Tokyo -- Shoko Asahara, the cult guru whose marathon trial ended on Friday, used a mix of charisma, mysticism and the lure of power to brainwash his followers, who committed one of Japan's most shocking crimes.
Prosecutors see in the near-blind yoga-master, who managed to attract 10 000 followers, including misfit elite doctors and engineers to his cult, a man driven by wordly motives.
"Asahara cleverly brainwashed believers by taking mercy on them and then threatening them physically and mentally," said Kimiaki Nishida, assistant professor of social psychology at Shizuoka University.
"He had an outstanding ability to lure young people, who felt a sense of emptiness in Japanese society," Nishida said.
Asahara promised his followers that "people who have acquired the power of god through the right kind of training will be the ones to create a new world after 1997," when he said Armgeddon would come.
One of seven children of a poor straw mat maker, Asahara, whose real name is Chizuo Matsumoto, was born on March 2, 1955 in Yatsuhiro on the southern Japanese island of Kyushu.
Almost blind in one eye, Asahara was admitted to a state boarding school for blind children when he was six.
His school days were already characterised by his behaviour as an "absolute ruler" among the other completely blind children.
"For him, violence was something like a hobby. Once he got angry, there was no way to stop it," a former classmate once said.
Asahara left school at 19 after qualifying as an acupuncturist. He was turned down to study medicine because of his eyesight.
He then decided to study law at the elite Tokyo University - a classic route into politics - but failed to get in.
In 1978, Asahara married Tomoko, with whom he had four daughters and two sons.
He opened an acupuncture clinic in Funabashi, east of Tokyo, but was forced to close his business after being arrested and fined in 1982 for selling quack medicine.
Asahara spent two years as a recluse - reportedly travelling to India and reading religious books - before emerging as a yoga instructor in 1984. He launched "Aum Shinsennokai," a religious group renamed as Aum Shinrikyo (Aum Supreme Truth) in 1987.

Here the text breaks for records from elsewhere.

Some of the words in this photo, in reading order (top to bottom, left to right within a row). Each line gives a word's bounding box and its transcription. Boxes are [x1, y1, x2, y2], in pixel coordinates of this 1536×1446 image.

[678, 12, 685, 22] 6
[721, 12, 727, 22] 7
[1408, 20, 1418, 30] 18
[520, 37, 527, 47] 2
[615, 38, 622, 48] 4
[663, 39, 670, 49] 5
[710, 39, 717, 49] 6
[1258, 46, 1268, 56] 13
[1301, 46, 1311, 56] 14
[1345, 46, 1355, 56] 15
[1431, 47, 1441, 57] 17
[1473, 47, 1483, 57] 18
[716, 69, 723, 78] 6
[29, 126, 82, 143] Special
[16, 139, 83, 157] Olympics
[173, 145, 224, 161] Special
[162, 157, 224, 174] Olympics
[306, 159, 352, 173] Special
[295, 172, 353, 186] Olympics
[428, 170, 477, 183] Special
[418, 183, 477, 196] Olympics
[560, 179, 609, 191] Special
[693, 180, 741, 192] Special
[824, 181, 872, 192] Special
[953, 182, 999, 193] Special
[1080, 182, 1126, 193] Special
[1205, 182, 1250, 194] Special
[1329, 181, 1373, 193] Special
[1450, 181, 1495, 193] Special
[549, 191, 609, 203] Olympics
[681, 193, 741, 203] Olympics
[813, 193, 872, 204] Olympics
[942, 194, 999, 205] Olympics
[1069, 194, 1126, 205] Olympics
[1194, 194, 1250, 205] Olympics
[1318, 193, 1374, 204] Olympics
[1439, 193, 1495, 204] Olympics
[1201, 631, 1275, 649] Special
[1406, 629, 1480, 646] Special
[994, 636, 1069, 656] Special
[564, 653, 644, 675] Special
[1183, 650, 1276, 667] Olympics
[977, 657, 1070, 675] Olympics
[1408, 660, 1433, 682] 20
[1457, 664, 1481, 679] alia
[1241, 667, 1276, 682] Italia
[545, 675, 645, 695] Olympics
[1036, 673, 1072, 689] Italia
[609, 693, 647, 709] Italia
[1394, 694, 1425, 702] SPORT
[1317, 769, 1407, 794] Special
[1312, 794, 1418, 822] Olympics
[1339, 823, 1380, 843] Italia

Claiming to have achieved enlightenment in the Himalayas in 1986, Asahara lured young people into the sect by telling them they would gain "super power" through his training programmes.
Some claimed the bearded and pony-tailed guru who wore Chinese-style pajama tunics had extra-sensory powers, and said he could levitate for hours at a time.
In 1990, Asahara, his wife and 23 Aum followers ran unsuccessfully for election to the lower house of parliament.
Following the disappointment, Asahara turned increasingly "anti-social", analysts said. His sermons began to include the prediction that a cataclysmic war would sweep the world in 1997, which only a few people would survive.
Even though the sect, now renamed Aleph, disowned Asahara in 1999, experts believe his persona still exercises a strong hold on cultists, some of whom use pictures of the guru and recordings of his voice for meditation.
But even some of Asahara's one-time closest acolytes have undergone enlightenment of their own.
"The concept that saving people's souls is possible drove the cult to commit criminal acts," Kazuaki Okazaki, a 43-year-old former Aum member currently appealing against his own death sentence, told the Yomiuri Shimbun.
"Asahara isn't Buddha, nor is he a person who reached Nirvana. He's just a paranoid control freak," Okazaki said in a letter to the daily.